*WORK ORDER:* Repeat each record exactly. Any picture gets left out.

Spatial localization data:

━━━

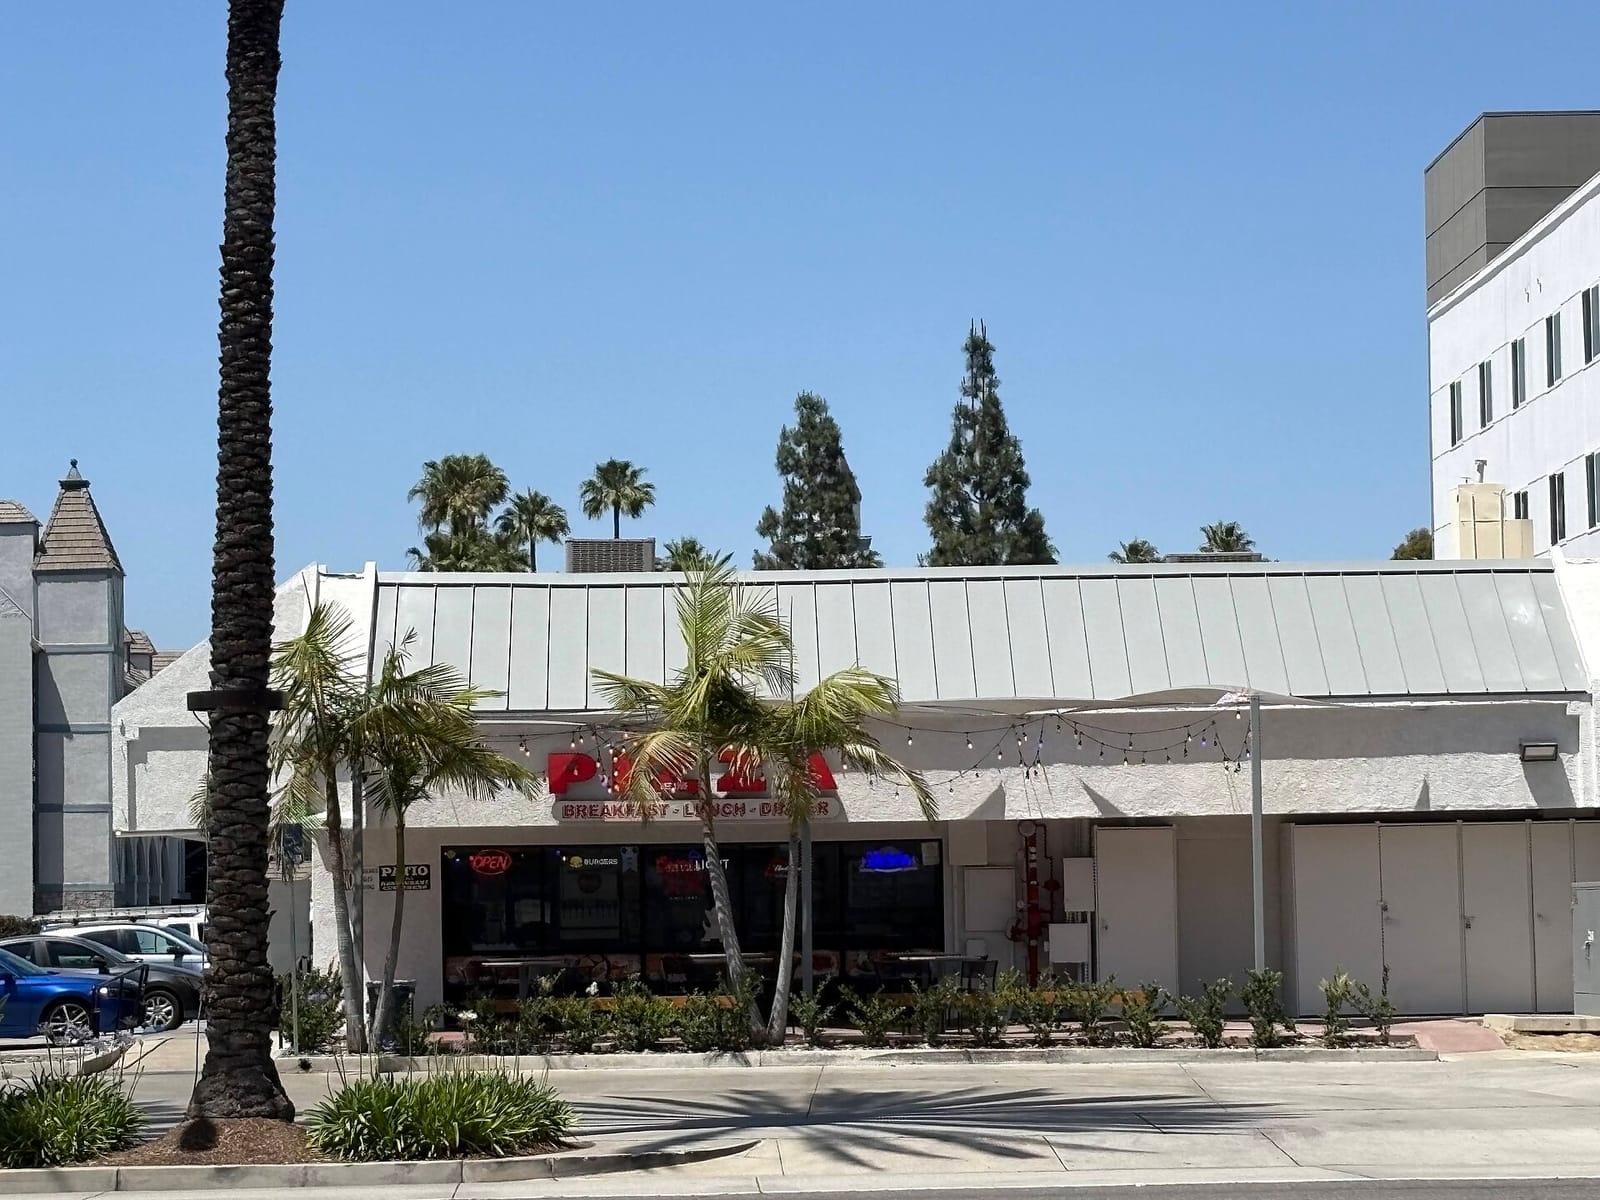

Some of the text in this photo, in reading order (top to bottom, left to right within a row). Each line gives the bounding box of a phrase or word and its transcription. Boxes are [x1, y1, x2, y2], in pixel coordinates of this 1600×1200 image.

[473, 855, 508, 871] OPEN
[583, 858, 619, 866] BURGERS
[695, 858, 730, 870] LIT
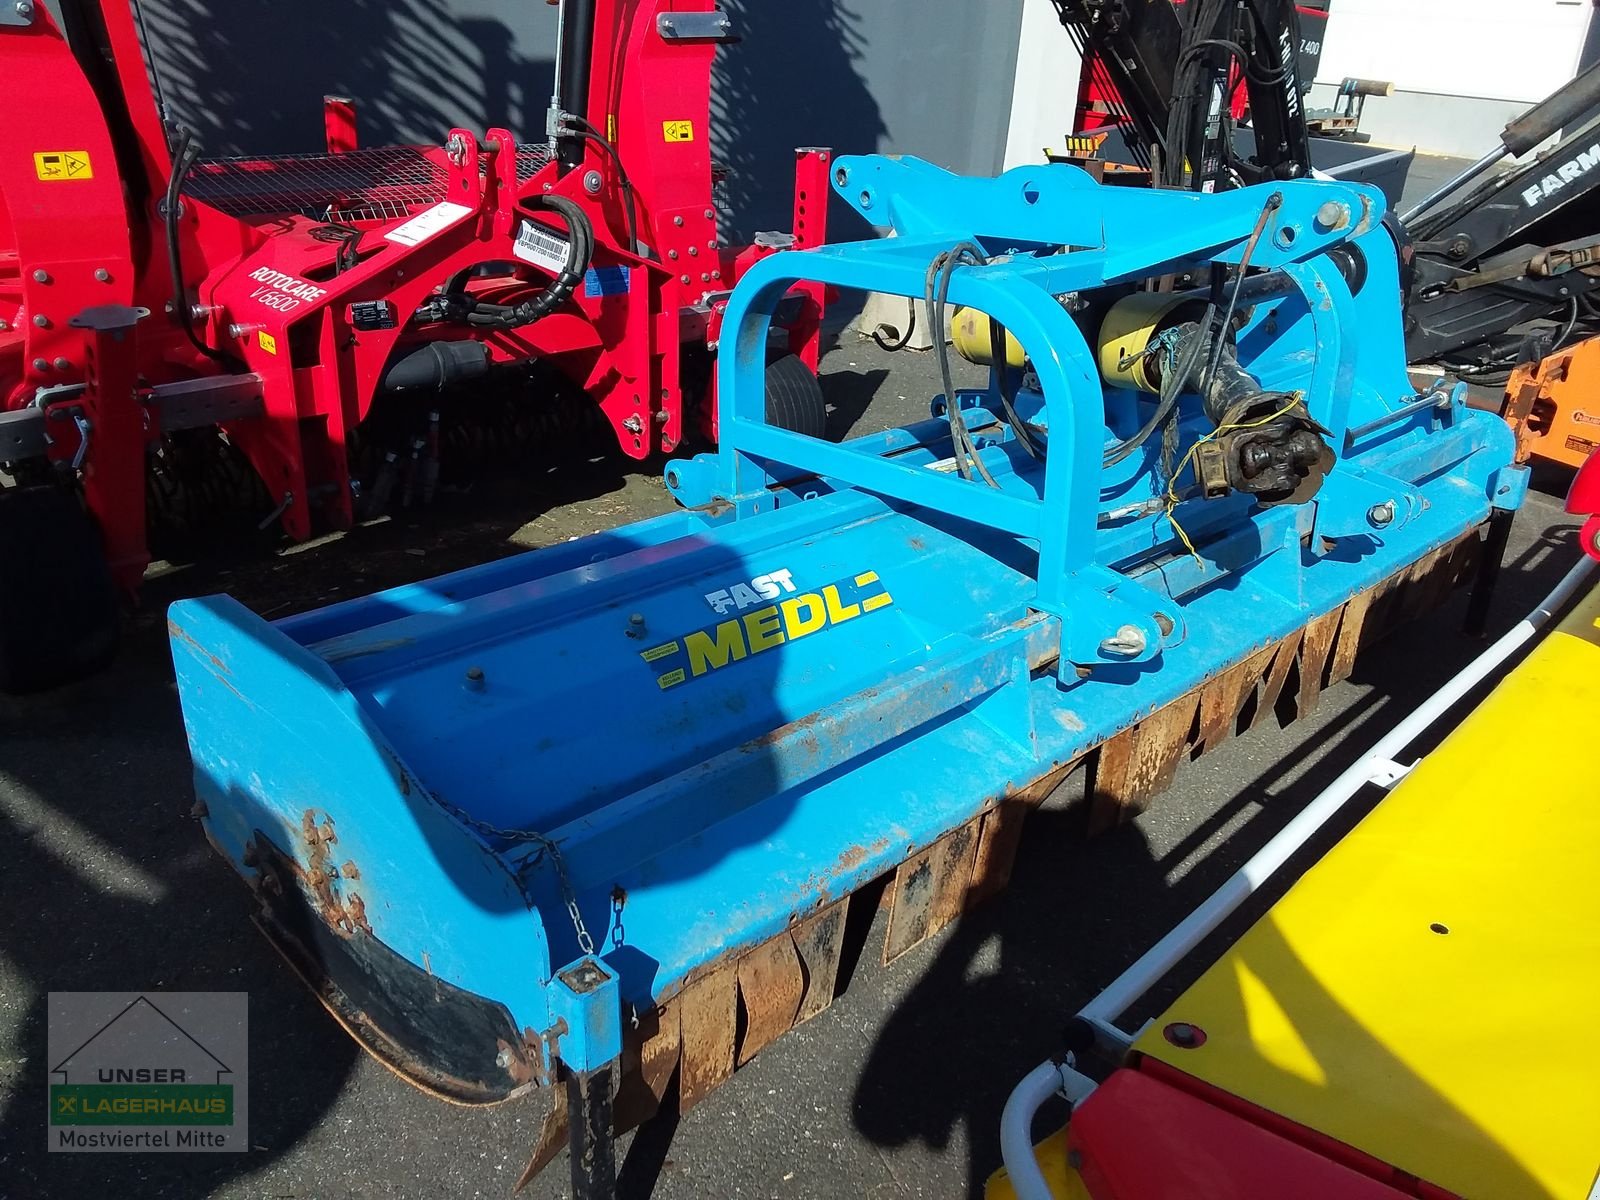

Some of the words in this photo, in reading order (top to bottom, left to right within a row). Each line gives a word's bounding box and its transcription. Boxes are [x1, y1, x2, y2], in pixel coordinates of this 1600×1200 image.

[1305, 41, 1320, 55] 400
[247, 265, 328, 303] ROTOCARE
[704, 567, 797, 615] FAST
[683, 584, 861, 677] MEDL
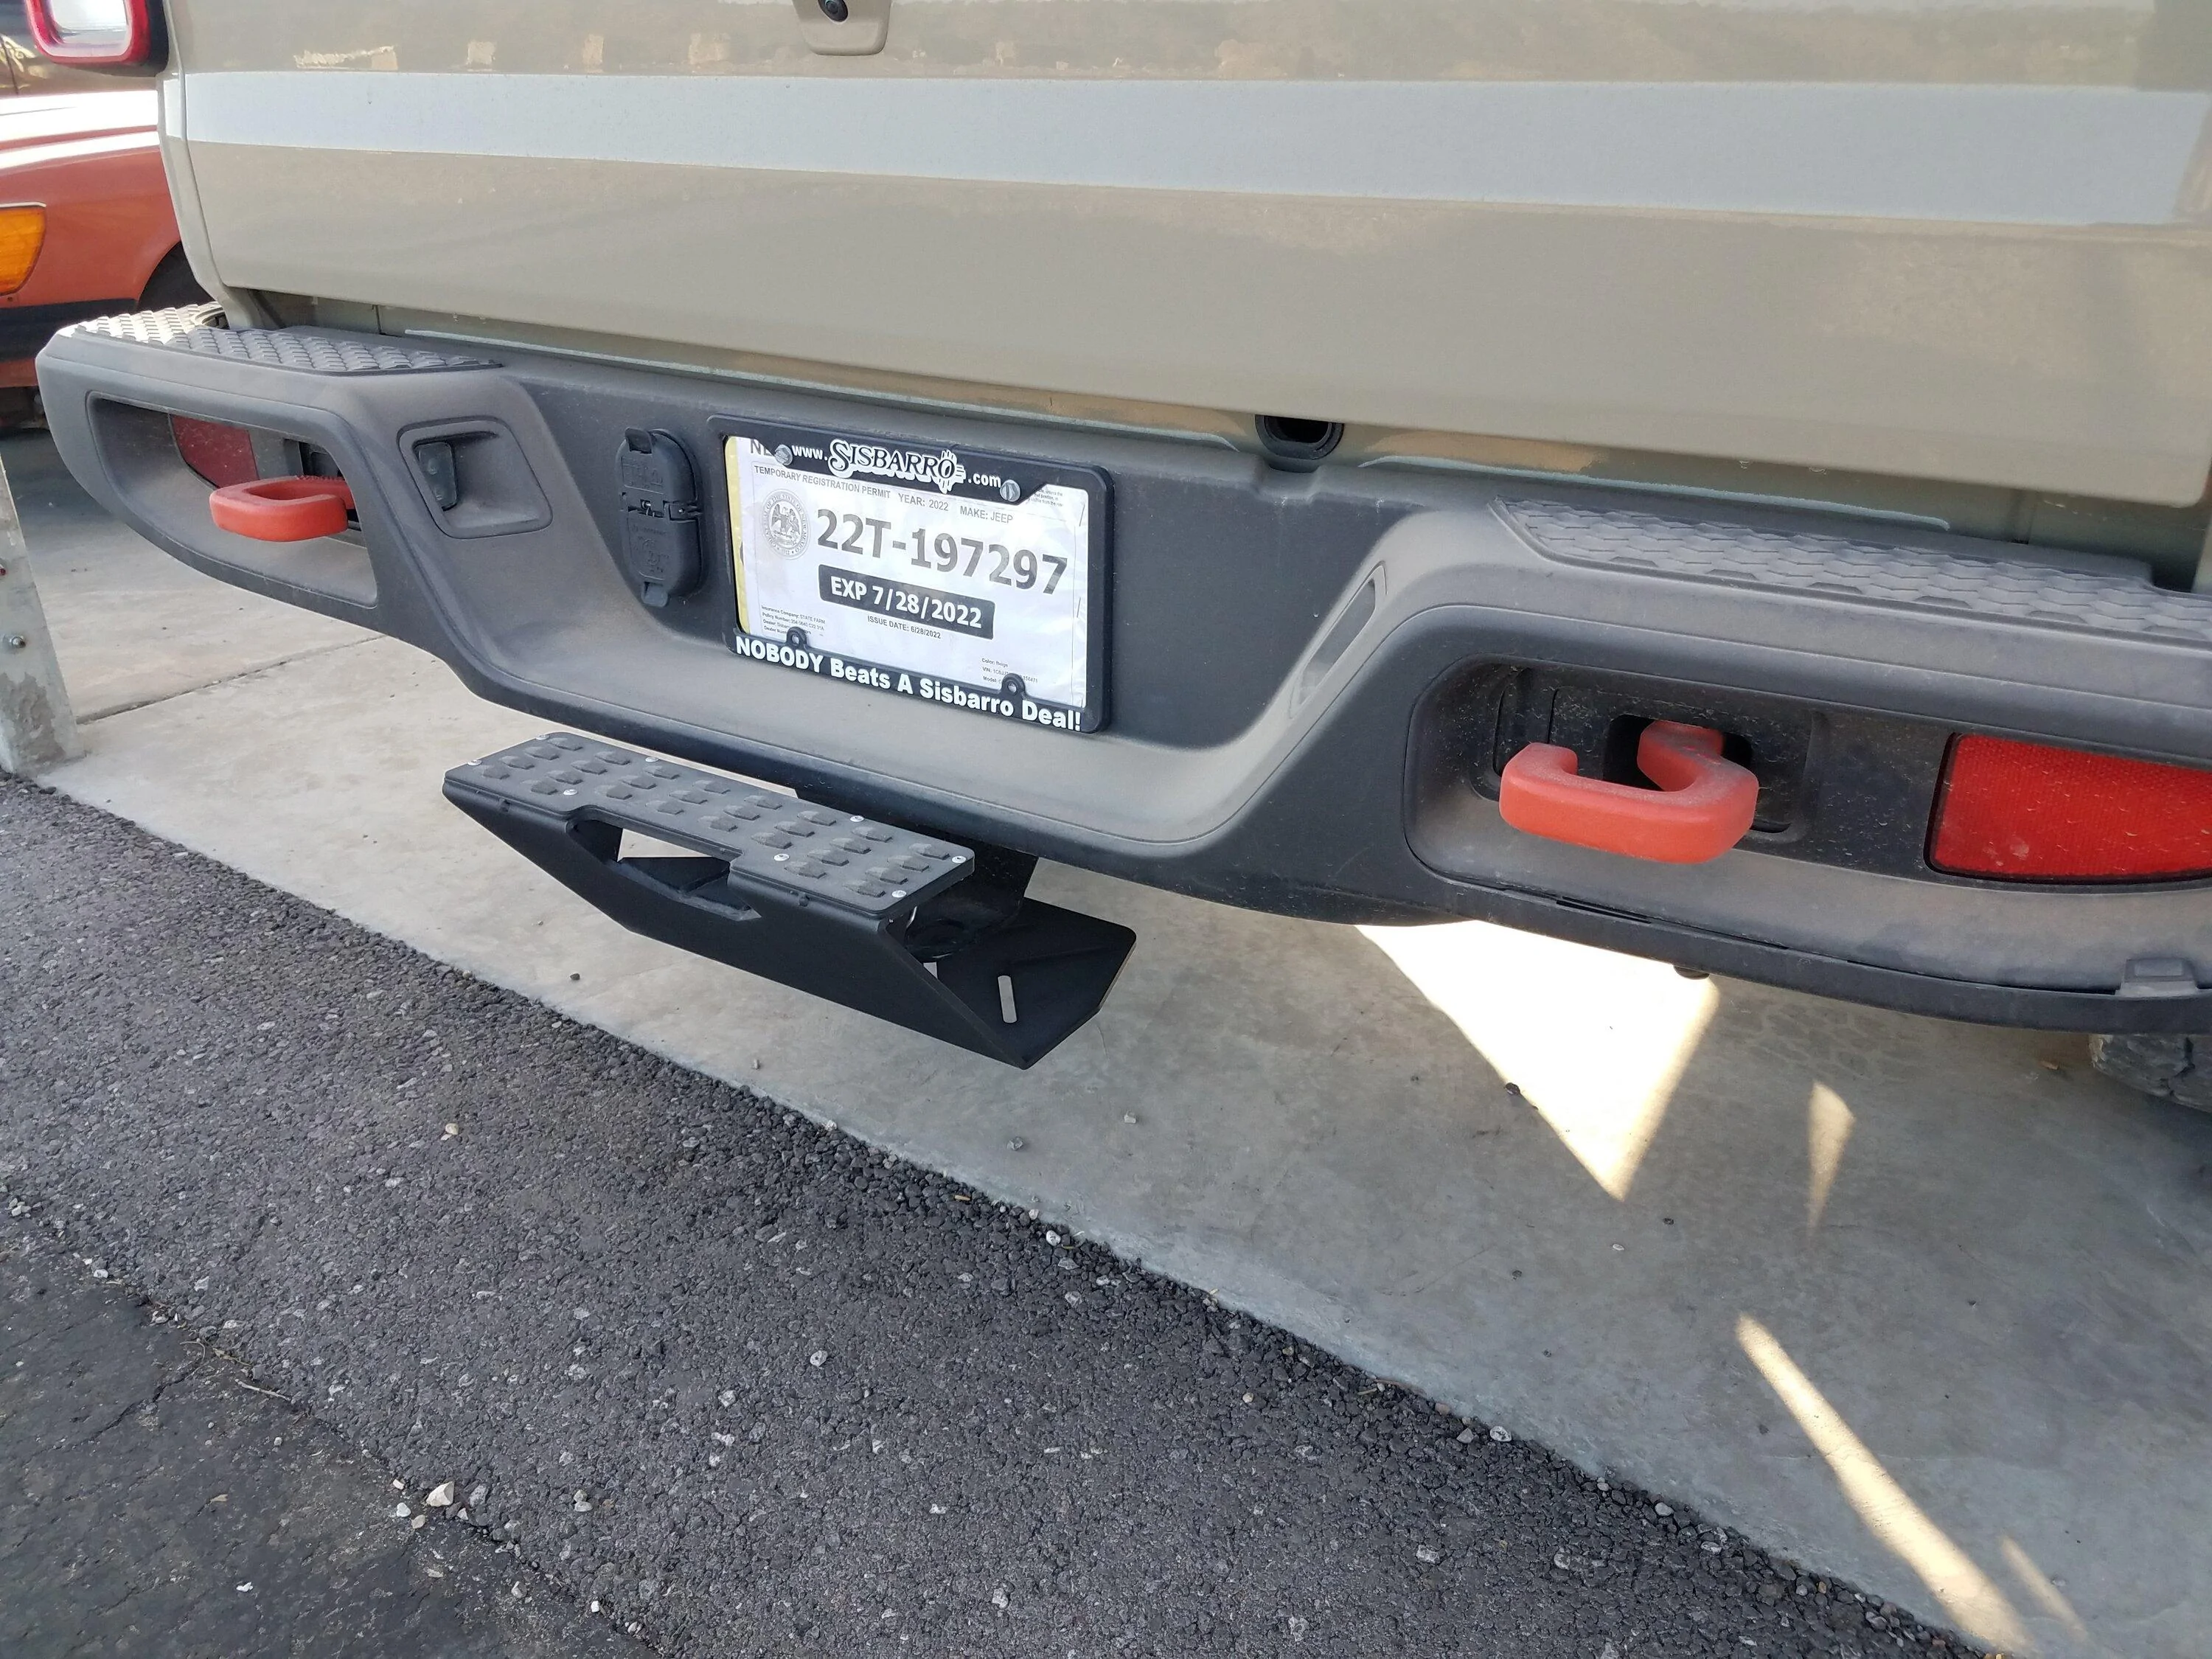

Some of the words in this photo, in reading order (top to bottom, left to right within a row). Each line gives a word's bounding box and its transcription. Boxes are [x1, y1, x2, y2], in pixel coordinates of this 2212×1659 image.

━━━

*TASK SOLUTION:*
Some of the text in this photo, in reading order (top to bottom, left to right within a row). Each line gives the bounding box of a phrase or word and its transcription. Boxes are [x1, y1, x2, y2], in pixel coordinates of this 1600×1200 image.

[473, 855, 508, 871] OPEN
[583, 858, 619, 866] BURGERS
[695, 858, 730, 870] LIT

Some of the words in this photo, in reading order (top to bottom, left to right within a row). Each line gives a word's bounding box and its transcription. Boxes are [x1, y1, x2, y2], in pixel coordinates of this 1600×1200 image.

[1305, 41, 1320, 55] 400
[247, 265, 328, 303] ROTOCARE
[704, 567, 797, 615] FAST
[683, 584, 861, 677] MEDL

Some of the words in this photo, in reading order (top to bottom, left to right within a row). Each line gives a word's bounding box and its transcription. Boxes are [x1, y1, x2, y2], in pixel coordinates of this 2212×1659 image.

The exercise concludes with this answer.